Depth Estimation Method for Continuous Acoustic Signal Targets in Shallow Water Using a Linear Array

To overcome the limitations of existing methods in processing continuous acoustic signals—particularly issues related to modal aliasing and the constraints of Pekeris waveguide applications—this study proposes a depth estimation approach for continuous acoustic targets using hydrophone linear arrays. A horizontal linear array, designed to meet the resolution requirements of the F–K transform, is deployed to receive continuous acoustic signals. Environmental parameters are incorporated to fit the sound speed profile, and modal time-delay differences are calculated based on normal mode propagation models. Temporal compensation is then applied to each modal component of the received signals across array elements. The corrected signal matrix undergoes a bidirectional F–K transform transformation into the frequency–wavenumber domain, allowing for clear separation of the normal modes of continuous signals.
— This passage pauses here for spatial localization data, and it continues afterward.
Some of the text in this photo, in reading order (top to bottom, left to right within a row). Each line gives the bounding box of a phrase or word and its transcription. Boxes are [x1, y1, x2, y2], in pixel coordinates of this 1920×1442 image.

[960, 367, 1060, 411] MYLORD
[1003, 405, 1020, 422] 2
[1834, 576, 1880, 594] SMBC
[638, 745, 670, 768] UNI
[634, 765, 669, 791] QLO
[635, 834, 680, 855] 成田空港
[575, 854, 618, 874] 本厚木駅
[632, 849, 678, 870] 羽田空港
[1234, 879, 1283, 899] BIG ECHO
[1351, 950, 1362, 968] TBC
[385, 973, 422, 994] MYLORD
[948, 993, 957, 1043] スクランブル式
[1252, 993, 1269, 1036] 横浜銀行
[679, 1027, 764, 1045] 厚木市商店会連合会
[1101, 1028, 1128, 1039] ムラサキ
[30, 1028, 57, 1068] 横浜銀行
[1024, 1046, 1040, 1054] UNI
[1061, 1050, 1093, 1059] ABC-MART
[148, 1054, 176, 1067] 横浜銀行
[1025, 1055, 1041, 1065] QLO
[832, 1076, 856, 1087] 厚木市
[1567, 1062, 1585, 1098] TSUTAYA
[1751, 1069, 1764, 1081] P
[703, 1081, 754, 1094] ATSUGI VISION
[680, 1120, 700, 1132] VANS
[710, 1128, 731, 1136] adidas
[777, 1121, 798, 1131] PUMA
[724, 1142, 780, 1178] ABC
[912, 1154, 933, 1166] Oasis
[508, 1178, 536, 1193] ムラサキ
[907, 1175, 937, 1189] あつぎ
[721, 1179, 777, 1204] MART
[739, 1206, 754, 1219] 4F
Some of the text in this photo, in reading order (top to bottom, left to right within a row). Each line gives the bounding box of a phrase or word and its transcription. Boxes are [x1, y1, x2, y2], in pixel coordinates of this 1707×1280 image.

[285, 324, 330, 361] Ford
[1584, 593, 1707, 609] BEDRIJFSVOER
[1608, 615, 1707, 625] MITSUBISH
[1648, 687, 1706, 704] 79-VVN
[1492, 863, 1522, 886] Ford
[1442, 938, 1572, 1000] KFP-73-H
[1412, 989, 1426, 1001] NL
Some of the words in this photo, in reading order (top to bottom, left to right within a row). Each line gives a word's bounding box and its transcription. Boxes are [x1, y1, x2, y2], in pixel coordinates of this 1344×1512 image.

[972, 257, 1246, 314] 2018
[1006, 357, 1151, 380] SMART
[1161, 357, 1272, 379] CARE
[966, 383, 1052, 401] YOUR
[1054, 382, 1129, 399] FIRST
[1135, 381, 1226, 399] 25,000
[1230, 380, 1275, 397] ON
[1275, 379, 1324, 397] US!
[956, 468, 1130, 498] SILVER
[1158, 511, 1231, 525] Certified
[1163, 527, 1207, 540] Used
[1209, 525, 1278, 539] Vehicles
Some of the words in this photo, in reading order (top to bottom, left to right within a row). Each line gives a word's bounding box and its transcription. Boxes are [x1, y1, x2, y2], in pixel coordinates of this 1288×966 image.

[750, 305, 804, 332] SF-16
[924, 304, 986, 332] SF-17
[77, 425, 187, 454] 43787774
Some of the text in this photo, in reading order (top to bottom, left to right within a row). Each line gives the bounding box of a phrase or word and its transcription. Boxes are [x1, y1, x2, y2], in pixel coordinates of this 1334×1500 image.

Frequency–wavenumber curves are characterised based on the sound speed profile, and binary mask filters are designed to extract modal energy. Finally, a depth estimation matching function is constructed to facilitate energy search and matching. Simulation results indicate that the proposed method achieves depth estimation errors of less than 5% for 10-s broadband acoustic signals under negative sound speed profiles and real shallow-sea waveguide conditions. The method demonstrates improved stability and applicability in variable sound speed environments, offering greater practical value for real-world shallow-sea scenarios.